The last ten days of the legislature

Parliament opens a long and final plenary session on Monday as parties rush through candidates

"This legislature has no more political course. It is coming to an end". Almost a year after Quim Torra uttered these words, and when three months ago he was disqualified as President of the Generalitat, the legislature is - now - about to end. On December 22nd Parliament will be dissolved and the acting President, Pere Aragonès, will sign the decree of convocation of the elections. These elections, if the pandemic does not worsen in an extreme way, will be held on February 14th. From this Saturday on, then, there are ten days left until the end of the twelfth autonomic legislature. During this period, exceptionally, there will be no changes in the Government, which has already been in office since Torra was convicted and which, with the covid-19 crisis as its main challenge, will continue as an interim government until a new government is formed after the elections.

The last few weeks in Parliament have seen frenetic activity. When the term of office was set to expire at the beginning of October, the parties found themselves unable to pass around fifty laws in five plenary sessions. The last one will start on Monday at 3 p.m., and will begin with the umpteenth monographic debate that Ciudadanos has promoted in recent years: this time, on corruption. The plenary session, which will last until Friday evening, will also discuss the validation or repeal of three decree-laws and the debate and final vote on three bills and two proposals. One of them will serve to modify the law against gender-based violence (2008), incorporating the recognition of transgender women and the obligation for parties to have protocols against aggressions and harassment and to suspend or expel from membership anyone who commits these acts.

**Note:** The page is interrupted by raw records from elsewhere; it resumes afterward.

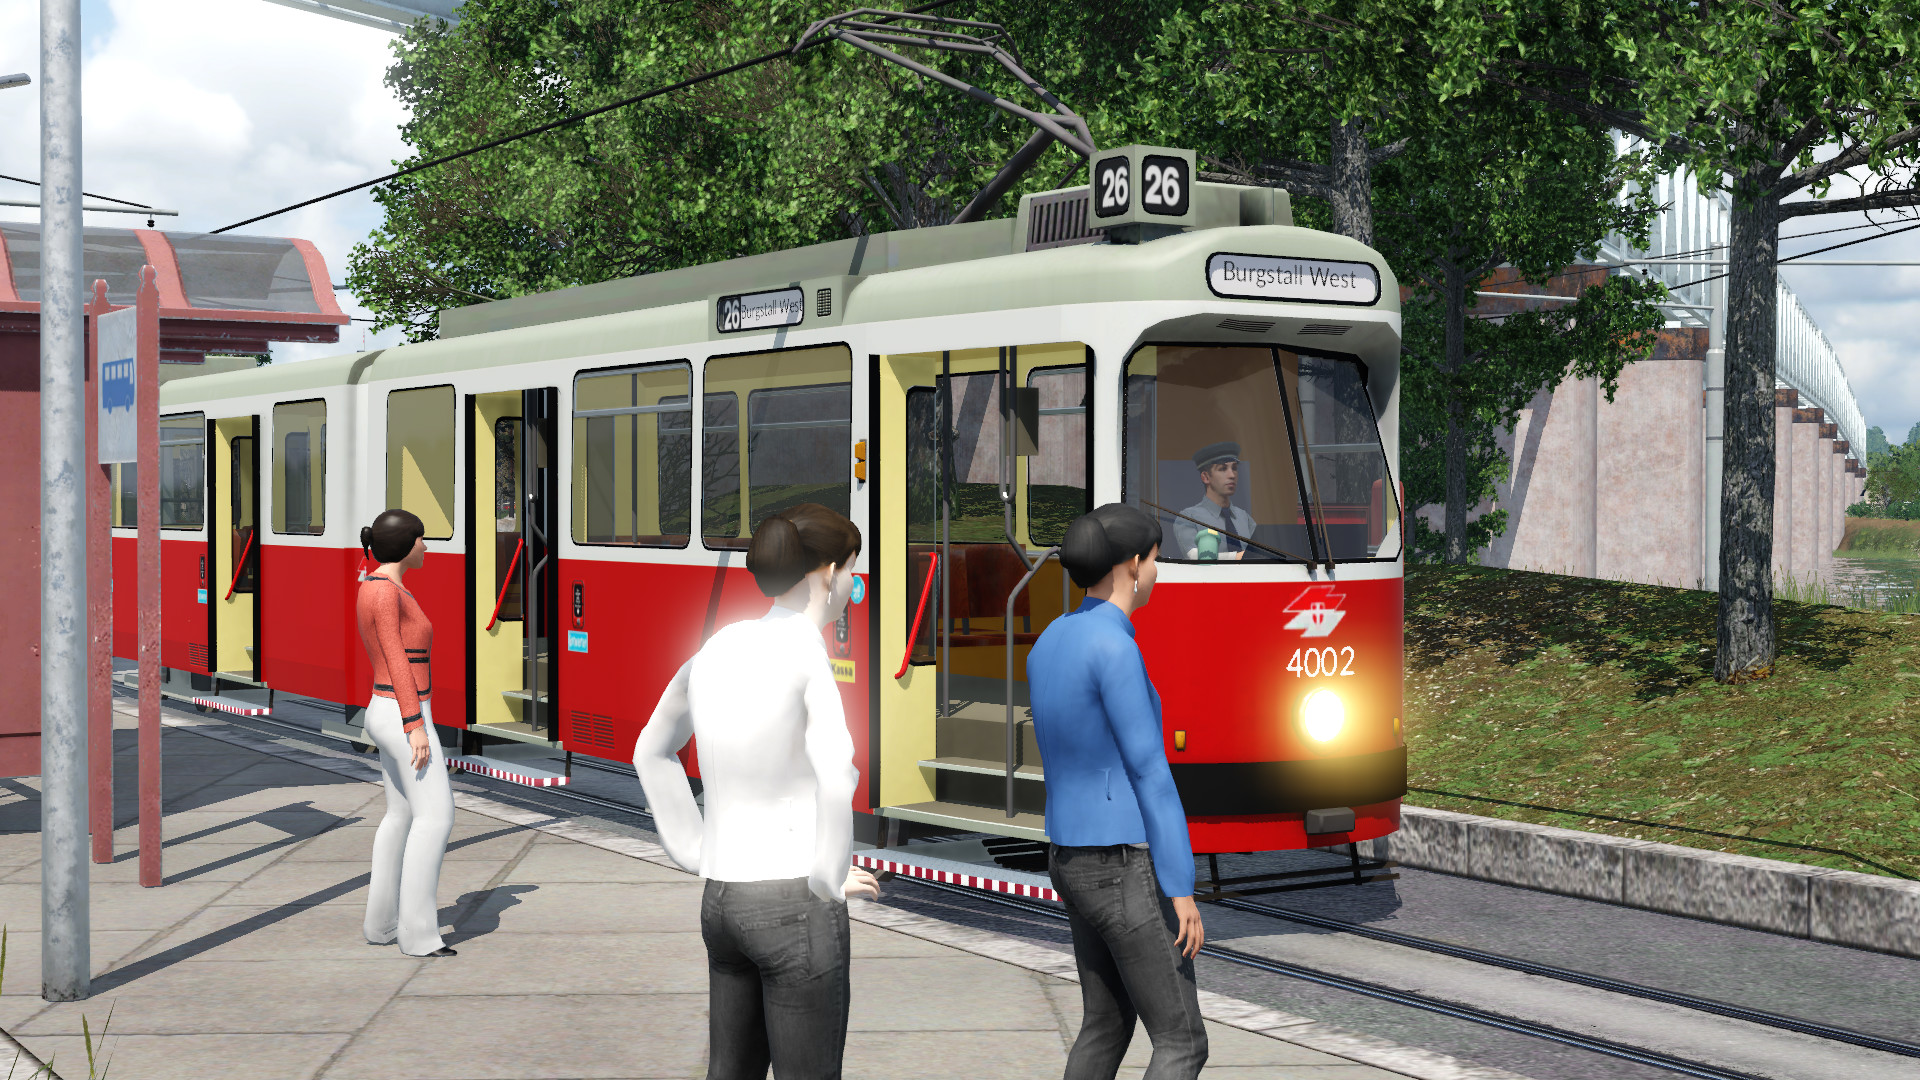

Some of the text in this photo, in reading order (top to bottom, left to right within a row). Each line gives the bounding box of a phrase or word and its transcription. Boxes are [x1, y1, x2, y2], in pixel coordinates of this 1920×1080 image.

[1102, 166, 1129, 208] 26
[1145, 164, 1180, 206] 26
[1223, 260, 1357, 289] Burgstall West
[724, 299, 740, 330] 26
[741, 298, 803, 321] Burgstall West
[1285, 645, 1355, 678] 4002

The text will go forward by broad consensus, and will also approve the motion for resolution agreed on Wednesday by JxCat, ERC and the CUP to demand to the Spanish Parliament an amnesty law for the victims of retaliation of the Catalan independence bid. In a legislature marked by disagreement over independence, this will be the last sign of almost non-existent unity, especially on the road to the elections. The pre-campaign will most likely color the plenary session, especially in the last control session of the acting government.

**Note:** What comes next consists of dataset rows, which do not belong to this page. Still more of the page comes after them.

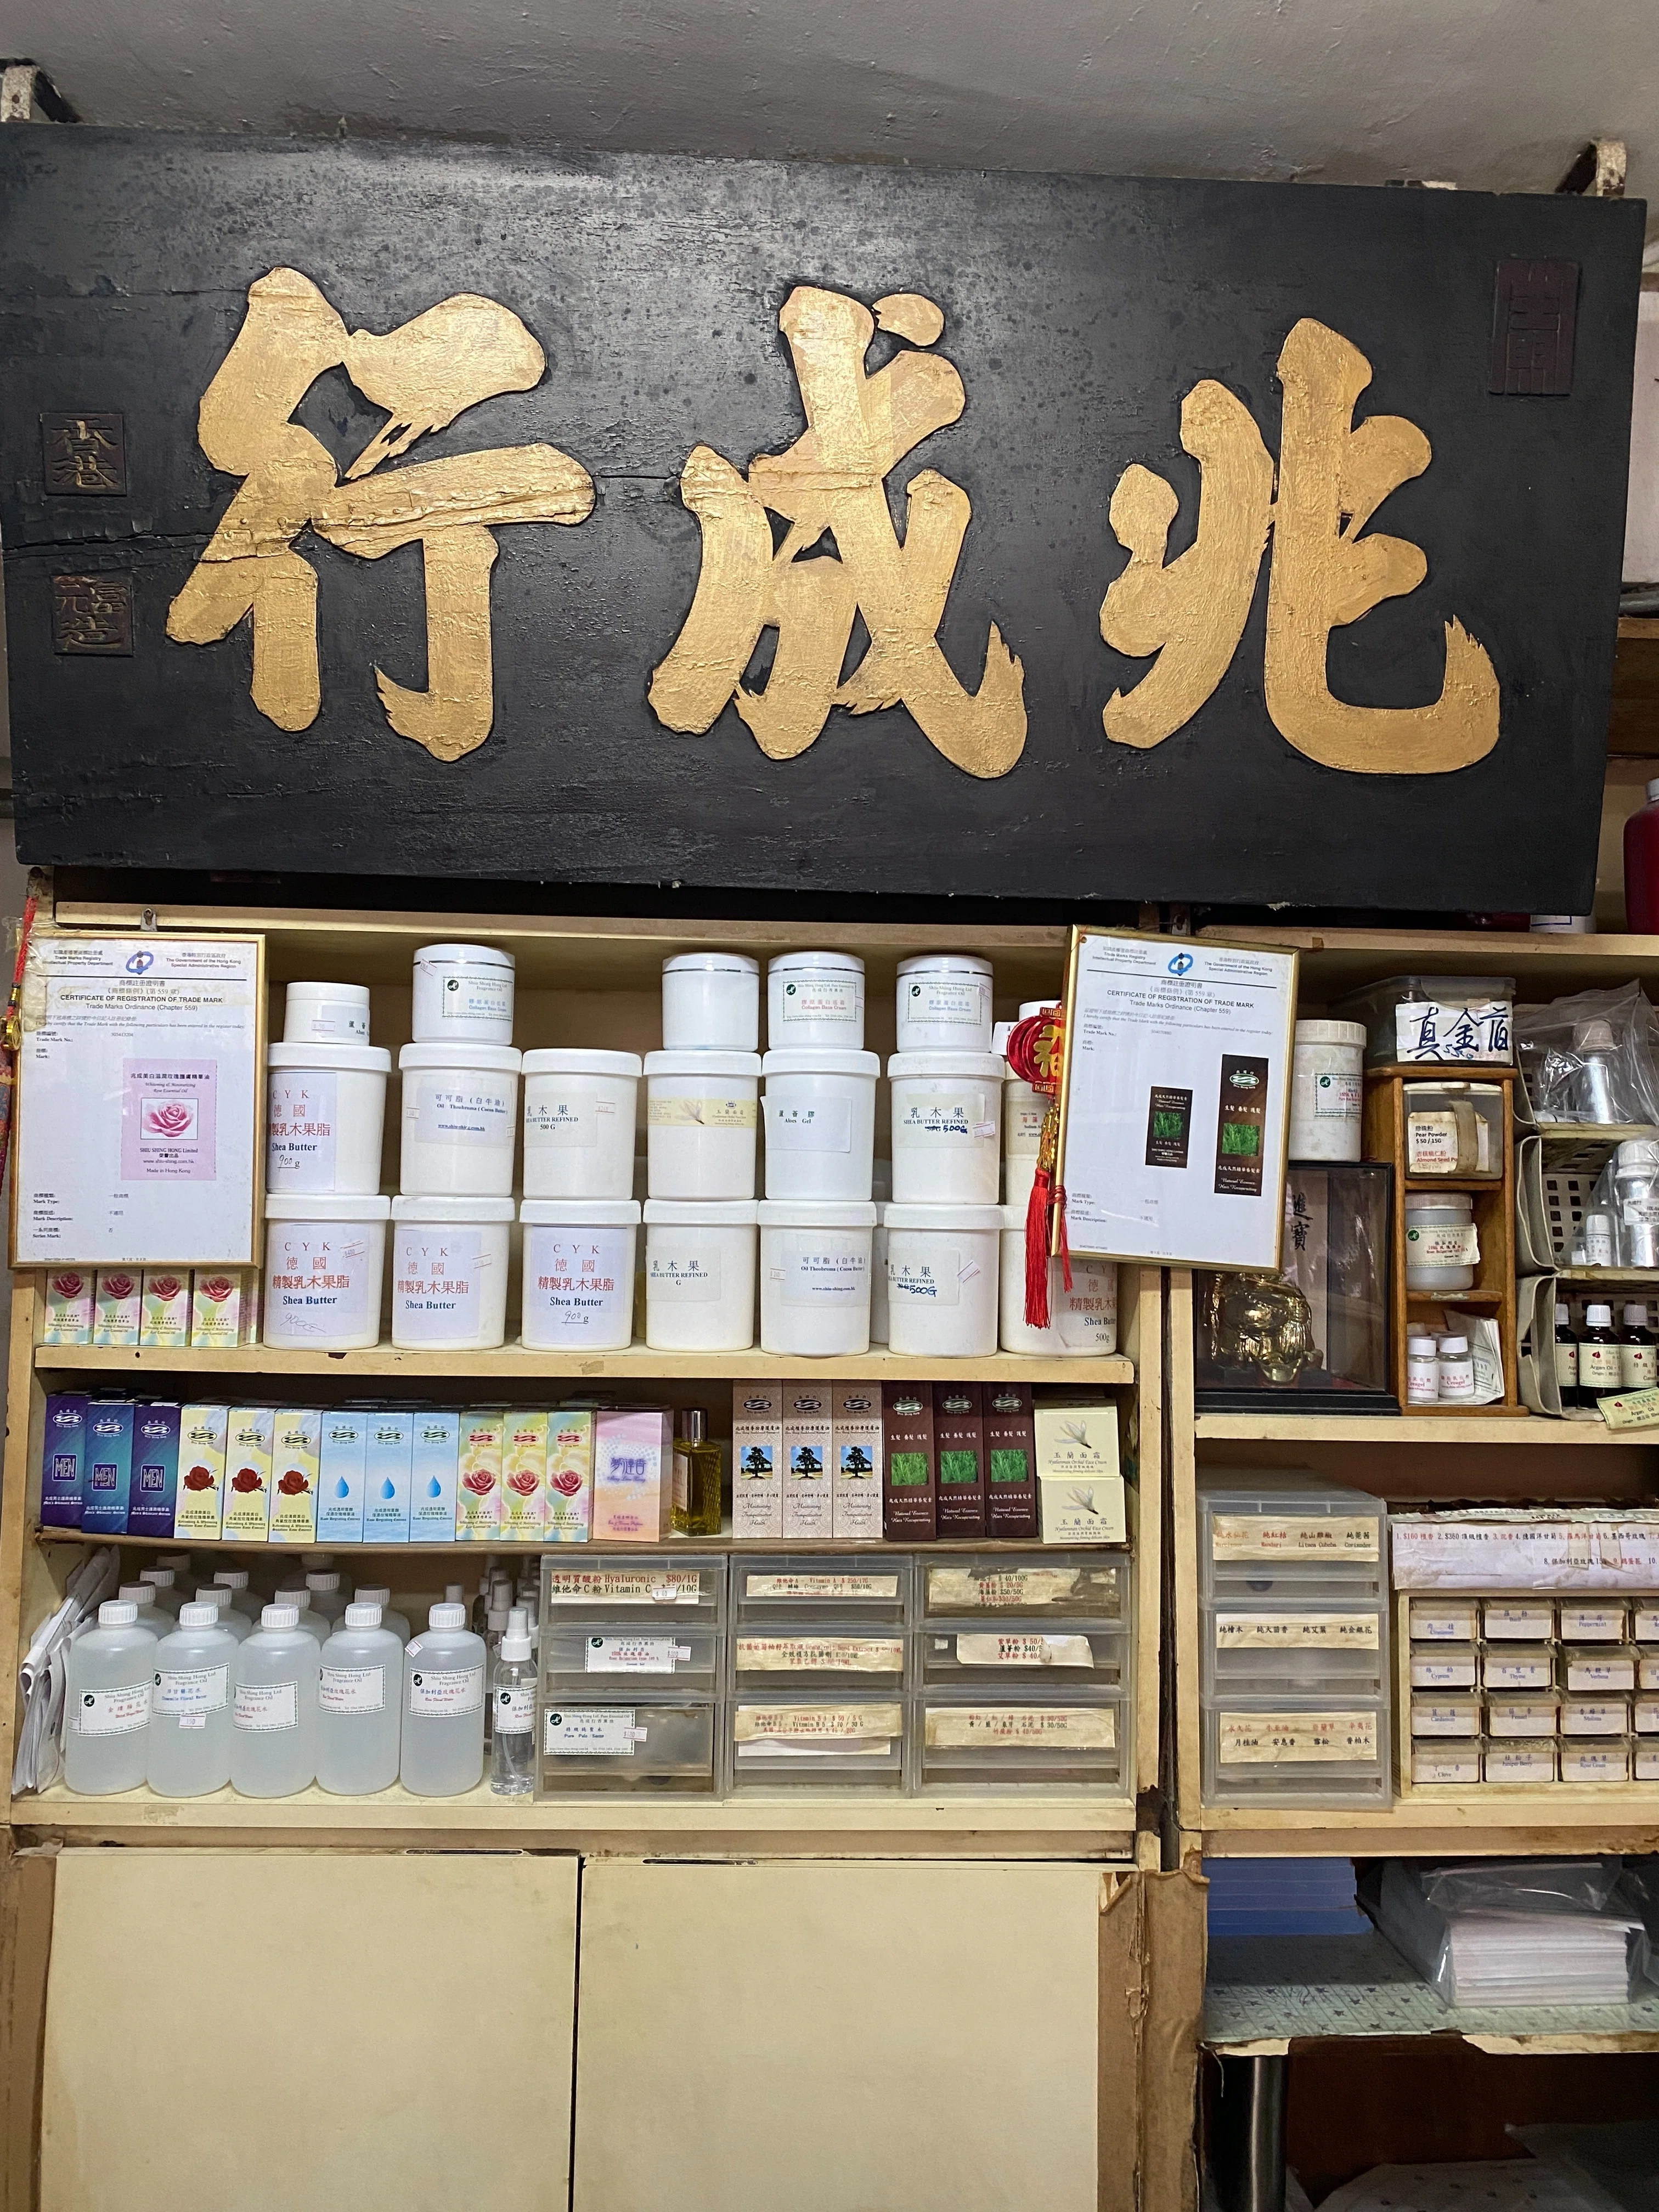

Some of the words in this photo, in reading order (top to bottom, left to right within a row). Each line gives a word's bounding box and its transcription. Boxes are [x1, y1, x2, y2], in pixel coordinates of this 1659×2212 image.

[1107, 990, 1146, 998] CERTIFICATE
[1158, 994, 1203, 1003] REGISTRATION
[911, 1107, 964, 1118] 乳木果
[269, 1123, 330, 1137] 製乳木果脂
[272, 1143, 286, 1152] Shea
[289, 1143, 317, 1152] Butter
[286, 1256, 326, 1270] 德國
[408, 1261, 444, 1275] 德國
[555, 1259, 595, 1272] 德國
[273, 1275, 350, 1289] 精製乳木果脂
[398, 1280, 469, 1294] 精製乳木果脂
[538, 1277, 614, 1291] 精製乳木果脂
[283, 1296, 303, 1305] Shea
[306, 1296, 337, 1305] Butter
[406, 1300, 423, 1309] Shea
[426, 1301, 456, 1310] Butter
[550, 1297, 570, 1306] Shea
[574, 1297, 603, 1307] Butter
[1085, 1317, 1102, 1326] Shea
[1096, 1333, 1109, 1342] 500g
[55, 1458, 75, 1477] MEN
[95, 1468, 115, 1487] MEN
[143, 1469, 162, 1488] MEN
[605, 1575, 656, 1584] Hyaluronic
[666, 1575, 697, 1583] $80/1G
[605, 1585, 641, 1593] Vitamin
[645, 1585, 651, 1593] C

The Government's pending issues

The Government has to finish defining the holiday restrictions plan, or make effective the payment of freelancers' subsidies, among others. And all of this while JxCat and ERC face some thorny issues, such as the eventual file to Alfred Bosch for the case of harassment in Foreign Affairs, or the unfulfilled commitment to reduce the accusations in the trials in which the Generalitat has been present against independentist activists. The Government will also have to decide - depending on the epidemiological indicators - whether to maintain the date of the elections. The only certainty in this sense is that the legislature will then be over. It has ten days of life left.